El caso se remonta a 2007, cuando Yroa integraba una comisión asesora del Ministerio del Interior sobre adquisiciones de armamento. En ese marco, se recomendó la compra de tres rifles de precisión para francotiradores, cuya venta está restringida a fuerzas estatales o coleccionistas autorizados. Sin embargo, el Poder Ejecutivo solo aprobó la compra de dos unidades.
Según la acusación de la Fiscalía de Delitos Económicos y Complejos, Yroa habría solicitado al importador la inclusión de un tercer rifle —marca Steyr Mannlincher, calibre 25— pagado con fondos personales. No obstante, la factura fue emitida a nombre del ministerio y, de acuerdo con los registros oficiales, el arma nunca dejó de pertenecer al Estado.
El Ministerio Público entendía que esta maniobra configuraba un abuso de funciones. Sin embargo, ese delito ya había prescrito cuando la denuncia fue presentada en 2020. Por ello, Rodríguez centró su acusación en un presunto caso de tráfico interno de armas cometido en 2016, cuando Yroa intentó vender el rifle a un coleccionista. El comprador no pudo inscribir el arma ante el Servicio de Material y Armamento (SMA), lo que, según el fiscal, probaba que Yroa no tenía autorización legal para transferirla.
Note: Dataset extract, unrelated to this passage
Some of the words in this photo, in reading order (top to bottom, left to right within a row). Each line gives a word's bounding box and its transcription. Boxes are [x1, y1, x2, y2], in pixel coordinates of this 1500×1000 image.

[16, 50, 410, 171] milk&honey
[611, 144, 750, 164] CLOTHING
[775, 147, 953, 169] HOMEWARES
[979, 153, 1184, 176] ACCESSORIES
Durante el juicio, la defensa —encabezada por los abogados Juan Fagúndez y Pablo Vera— argumentó que el delito atribuido no era tal en el momento de los hechos. Alegaron que el decreto que reglamentaba la ley invocada fue promulgado en diciembre de 2016, cuatro meses después de la transferencia del arma.
La controversia jurídica escaló hasta la Suprema Corte de Justicia, que ordenó celebrar el juicio oral, a pesar de que un Tribunal de Apelaciones había considerado que los hechos no eran punibles al momento de ocurrir.
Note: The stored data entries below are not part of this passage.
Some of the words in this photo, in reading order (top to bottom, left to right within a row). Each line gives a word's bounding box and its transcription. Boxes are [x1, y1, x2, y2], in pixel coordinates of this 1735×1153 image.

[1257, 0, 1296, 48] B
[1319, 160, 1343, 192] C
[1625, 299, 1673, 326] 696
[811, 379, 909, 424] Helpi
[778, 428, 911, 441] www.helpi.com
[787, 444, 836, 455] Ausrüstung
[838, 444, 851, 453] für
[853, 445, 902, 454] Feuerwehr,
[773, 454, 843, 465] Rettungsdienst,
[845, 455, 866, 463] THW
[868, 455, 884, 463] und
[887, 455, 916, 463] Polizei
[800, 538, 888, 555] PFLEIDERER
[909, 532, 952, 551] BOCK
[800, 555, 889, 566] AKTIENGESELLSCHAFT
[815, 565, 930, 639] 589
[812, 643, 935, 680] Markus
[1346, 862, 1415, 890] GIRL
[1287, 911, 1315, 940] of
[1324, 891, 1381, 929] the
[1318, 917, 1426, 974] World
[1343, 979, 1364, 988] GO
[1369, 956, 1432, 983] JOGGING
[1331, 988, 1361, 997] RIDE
En su fallo, la jueza Reyes sostuvo que no era posible investigar ni juzgar la compra del arma en esta etapa del proceso y que, en cuanto a su posterior intento de transferencia, la norma reglamentaria aún no estaba vigente. Además, el arma fue entregada antes de la última prórroga ministerial para su regularización. “Las dudas sobre el alcance de la norma deben resolverse en favor del imputado”, concluyó la magistrada.